Description
Baked Cottage Cheese Eggs are a protein-packed, savory breakfast option combining smooth cottage cheese, eggs, fresh vegetables, and flavorful spices baked to perfection. This easy-to-make dish is rich in nutrients and offers a creamy texture with a golden top, perfect for a nutritious start to your day.
Ingredients
Scale
Dairy & Eggs
- 2 cups Cottage Cheese (Use lactose-free for dietary restrictions)
- 4 large Eggs (Opt for large eggs for the best texture)
- 1/2 cup Parmesan Cheese (Substitute with nutritional yeast for a dairy-free option)
Vegetables & Herbs
- 1/4 cup Fresh Chives (Green onions can work as a substitute)
- 1 cup Bell Peppers (Be sure to drain excess moisture if using)
- 1 cup Spinach (Fresh or frozen (thawed well) works beautifully)
- 1/4 cup Sun-Dried Tomatoes (Drain well to prevent sogginess)
Spices & Seasonings
- 1 teaspoon Garlic Powder (Switch to fresh minced garlic for a more robust flavor)
- 1 teaspoon Salt (Adjust to taste)
- 1/2 teaspoon Pepper (Adjust according to your spice preference)
- 1 teaspoon Paprika (Smoked paprika can deepen the flavor profile)
Instructions
- Preheat Oven: Preheat your oven to 375°F (190°C), ensuring an even temperature for beautiful baking results.
- Prepare Baking Dish: Grease a 9-inch pie dish or an 8×8-inch baking dish with oil or cooking spray to prevent sticking.
- Blend Cottage Cheese: Blend the cottage cheese in a food processor for about 30 seconds until it becomes smooth and creamy.
- Mix Ingredients: In a large bowl, whisk the eggs thoroughly.

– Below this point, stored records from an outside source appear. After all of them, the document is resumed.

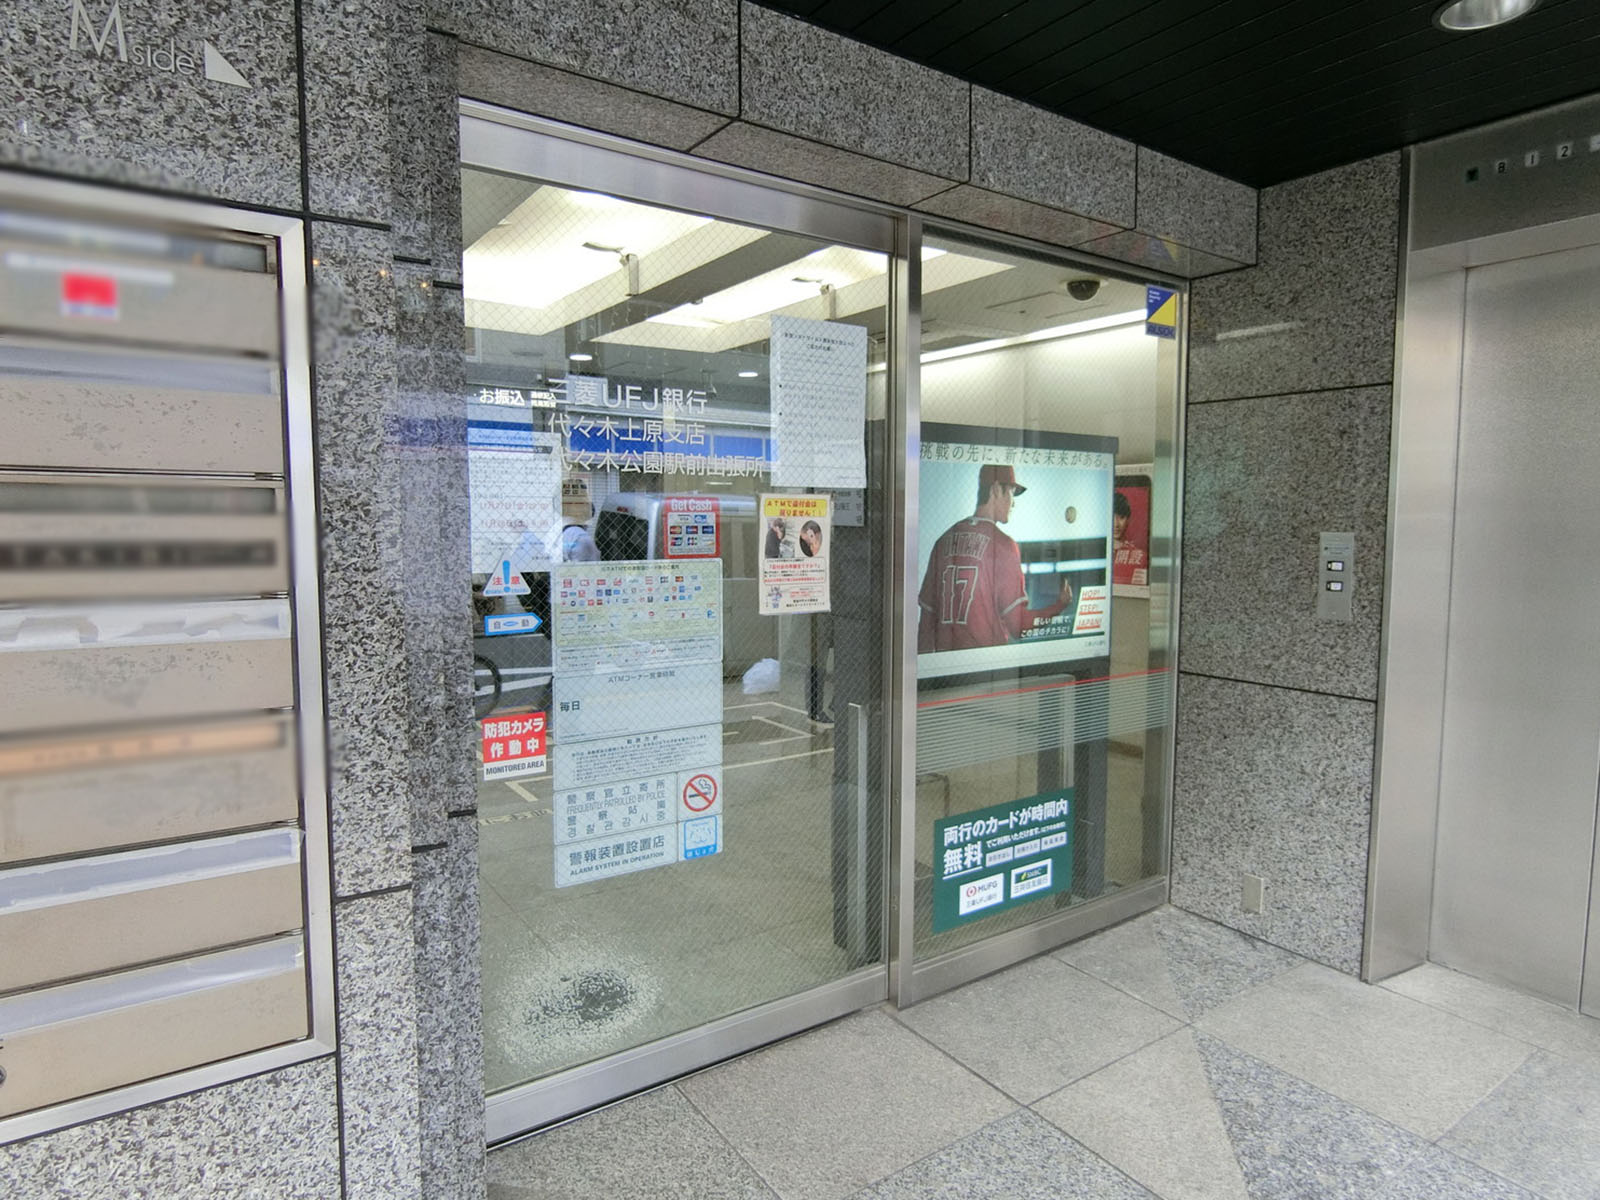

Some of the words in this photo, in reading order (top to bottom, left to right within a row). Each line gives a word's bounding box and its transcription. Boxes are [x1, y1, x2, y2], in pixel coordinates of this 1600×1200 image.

[479, 388, 525, 407] お振込
[548, 378, 707, 414] 三菱UFJ銀行
[547, 412, 706, 446] 代々木上原支店
[549, 447, 766, 478] 代々木公園駅前出張所
[671, 499, 688, 511] Get
[689, 498, 712, 511] Cash
[941, 564, 979, 625] 17
[559, 701, 581, 712] 毎日
[484, 717, 544, 739] 防犯カメラ
[490, 737, 540, 759] 作動中
[486, 763, 527, 775] MONITORED
[526, 760, 544, 769] AREA
[943, 798, 1069, 847] 両行のカードが時間内
[569, 835, 665, 866] 警報装置設置店
[570, 867, 594, 876] ALARM
[595, 861, 620, 871] SYSTEM
[630, 852, 664, 864] OPERATION
[943, 841, 982, 875] 無料
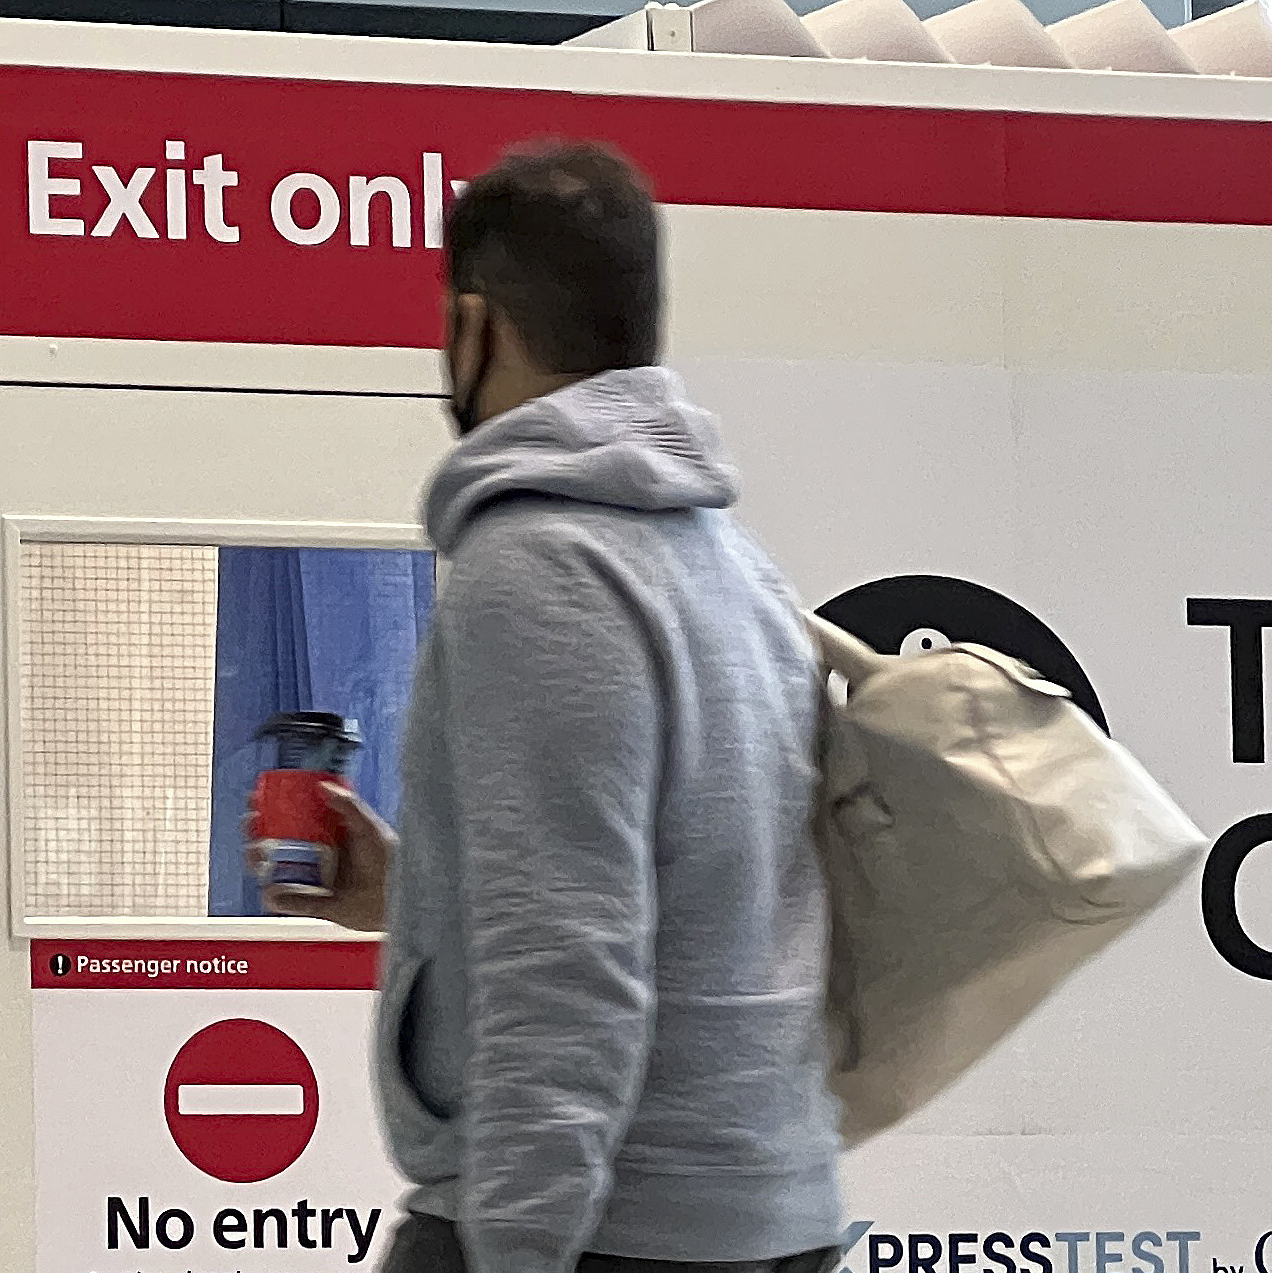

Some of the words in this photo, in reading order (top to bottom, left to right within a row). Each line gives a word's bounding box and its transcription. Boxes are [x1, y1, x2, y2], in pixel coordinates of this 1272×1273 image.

[28, 140, 239, 242] Exit
[271, 152, 469, 248] onl
[77, 955, 181, 977] Passenger
[186, 955, 248, 974] notice
[107, 1196, 194, 1250] No
[213, 1199, 382, 1263] entry

Gently fold in the blended cottage cheese, Parmesan cheese, fresh chives, garlic powder, paprika, salt, and pepper until well combined.

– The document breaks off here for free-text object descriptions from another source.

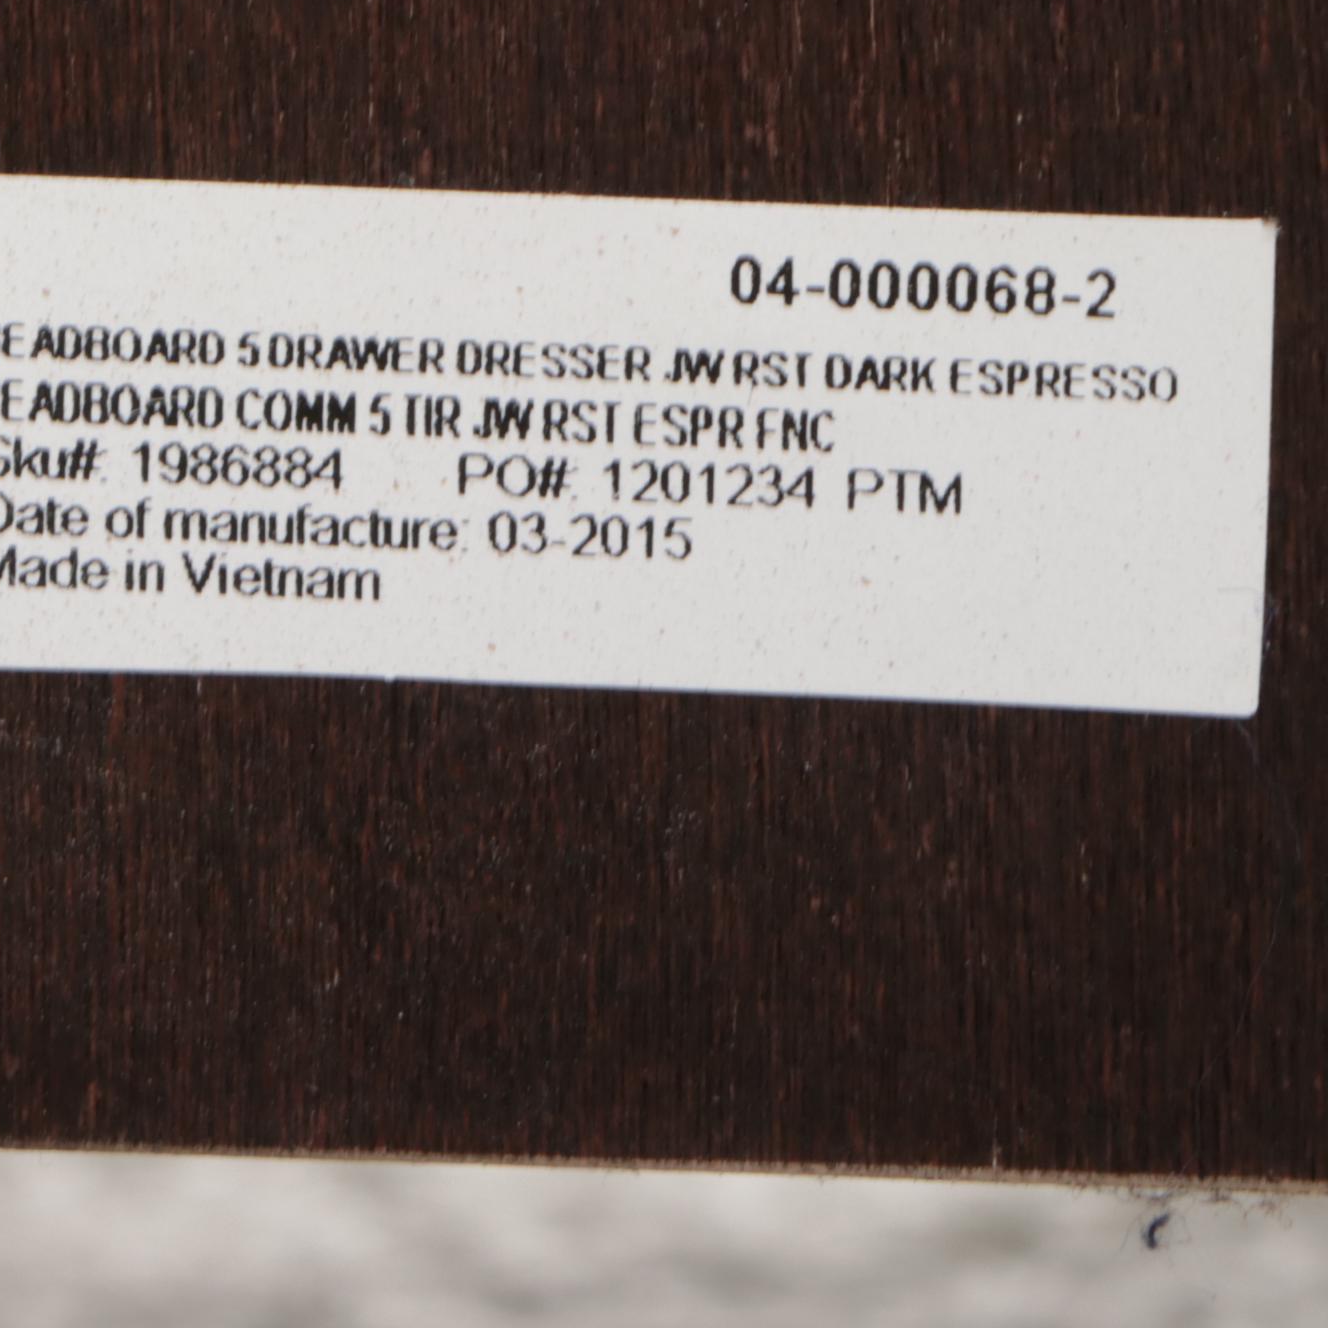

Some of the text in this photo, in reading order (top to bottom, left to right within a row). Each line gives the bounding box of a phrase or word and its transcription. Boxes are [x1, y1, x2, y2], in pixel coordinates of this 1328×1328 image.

[729, 254, 1118, 320] 04-000068-2
[455, 339, 652, 383] DRESSER
[823, 353, 937, 394] DARK
[948, 359, 1179, 404] ESPRESSO
[234, 388, 358, 435] COMM
[368, 392, 392, 436] 5
[403, 394, 462, 439] TIR
[632, 402, 746, 450] ESPR
[755, 407, 835, 454] FNC
[132, 441, 344, 491] 1986884
[604, 458, 816, 509] 1201234
[846, 469, 963, 515] PTM
[104, 499, 154, 540] of
[162, 505, 469, 552] manufacture:
[486, 511, 694, 561] 03-2015
[124, 551, 166, 593] in
[181, 552, 382, 602] Vietnam

- Add Vegetables: Fold in the bell peppers, spinach, and sun-dried tomatoes, spreading the mixture evenly into the prepared baking dish.
- Bake: Bake in the preheated oven for 15-17 minutes until the edges are set and the center still jiggles slightly, indicating perfect texture.
- Rest and Serve: Let the dish rest for 2-3 minutes after baking to set fully before slicing and serving the warm, protein-rich breakfast.
Notes
- Use lactose-free cottage cheese to make this recipe suitable for those with lactose intolerance.
- Opt for nutritional yeast instead of Parmesan to make a dairy-free version.
- Drain vegetables well to avoid sogginess in the final bake.
- Adjust salt and pepper to taste to suit your preference.
- Fresh minced garlic can be used instead of garlic powder for a more intense garlic flavor.
- Smoked paprika adds a deeper, smoky flavor if desired.